WHAT YOU SHOULD DO:
With the images removed, repeat the data below exactly.

*** PROVIDED RECORDS ***

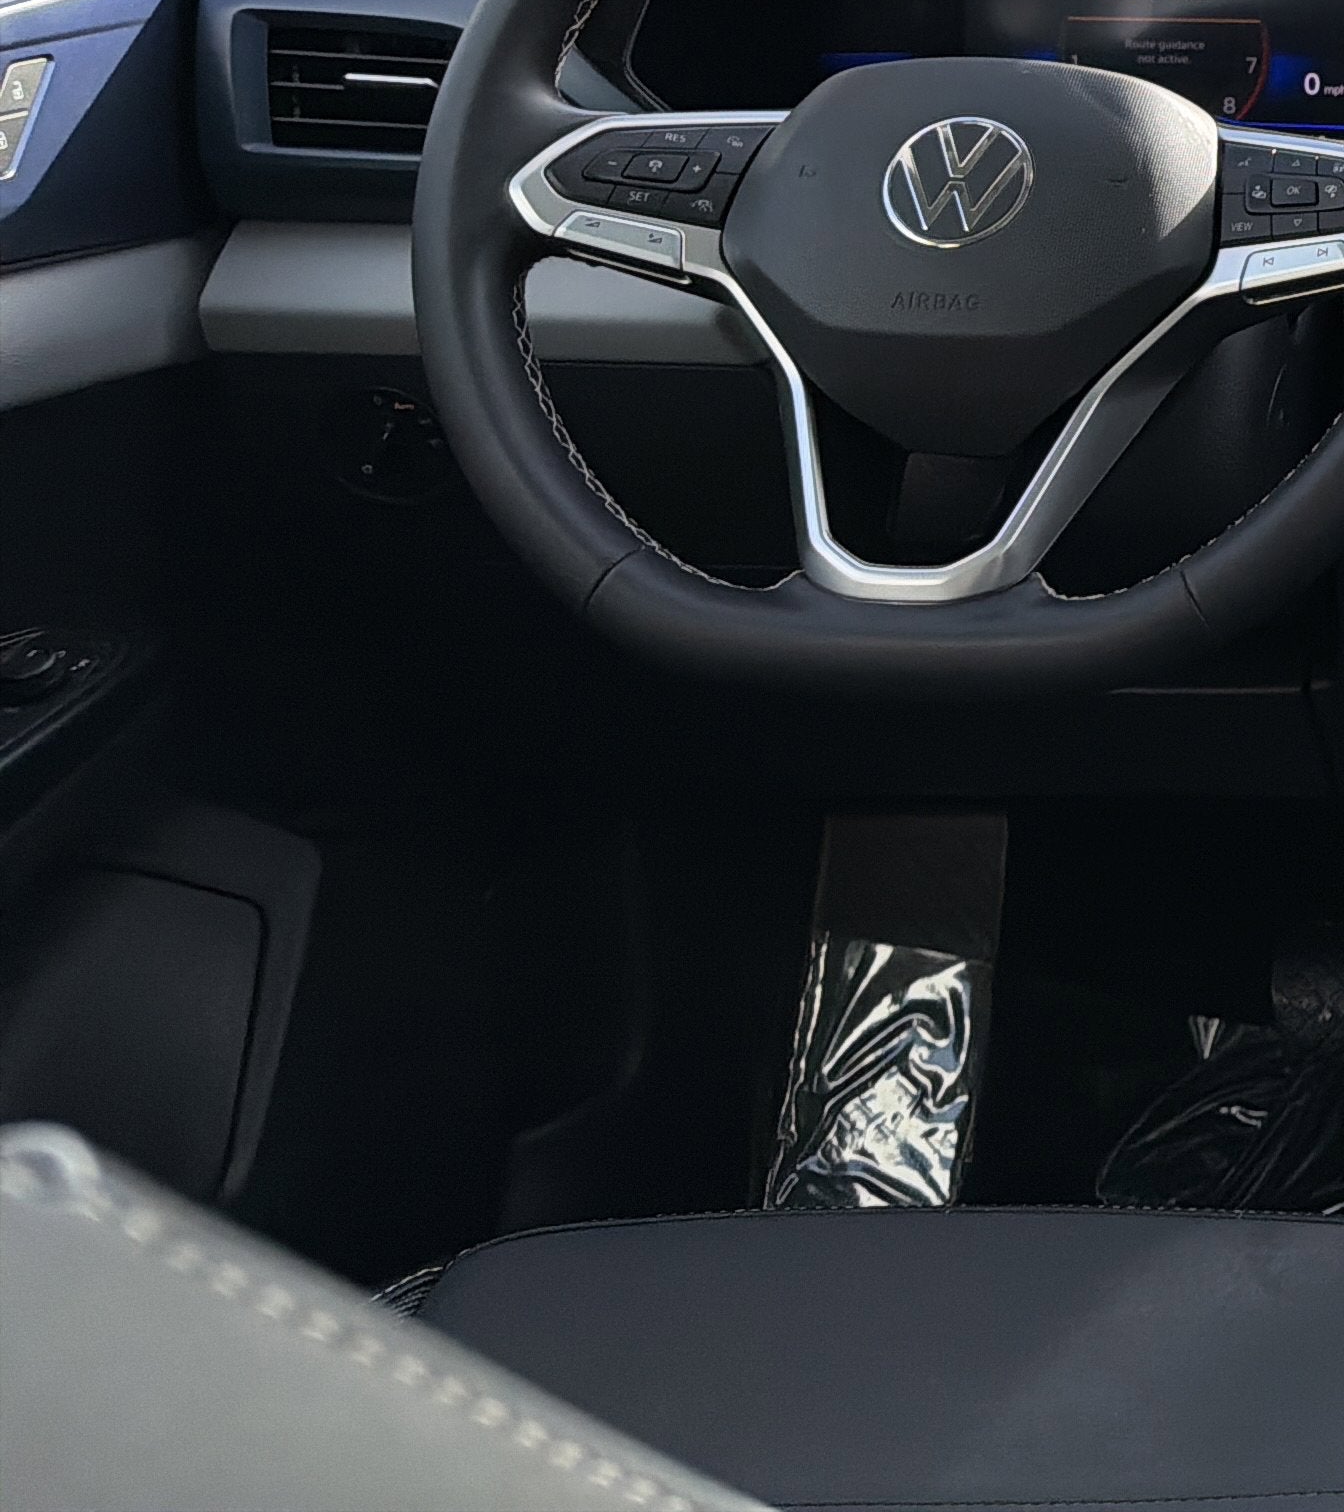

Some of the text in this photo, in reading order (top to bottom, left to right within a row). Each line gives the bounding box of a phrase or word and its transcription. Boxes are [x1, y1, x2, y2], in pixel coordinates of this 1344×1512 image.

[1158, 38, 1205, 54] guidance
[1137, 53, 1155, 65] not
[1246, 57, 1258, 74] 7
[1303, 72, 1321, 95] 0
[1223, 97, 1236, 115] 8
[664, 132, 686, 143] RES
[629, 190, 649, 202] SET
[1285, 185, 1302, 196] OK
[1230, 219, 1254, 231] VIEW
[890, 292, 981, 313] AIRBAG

***

SOLUTION FOR THIS TASK:
Some of the text in this photo, in reading order (top to bottom, left to right within a row). Each line gives the bounding box of a phrase or word and its transcription. Boxes are [x1, y1, x2, y2], in pixel coordinates of this 1344×1512 image.

[1158, 38, 1205, 54] guidance
[1137, 53, 1155, 65] not
[1246, 57, 1258, 74] 7
[1303, 72, 1321, 95] 0
[1223, 97, 1236, 115] 8
[664, 132, 686, 143] RES
[629, 190, 649, 202] SET
[1285, 185, 1302, 196] OK
[1230, 219, 1254, 231] VIEW
[890, 292, 981, 313] AIRBAG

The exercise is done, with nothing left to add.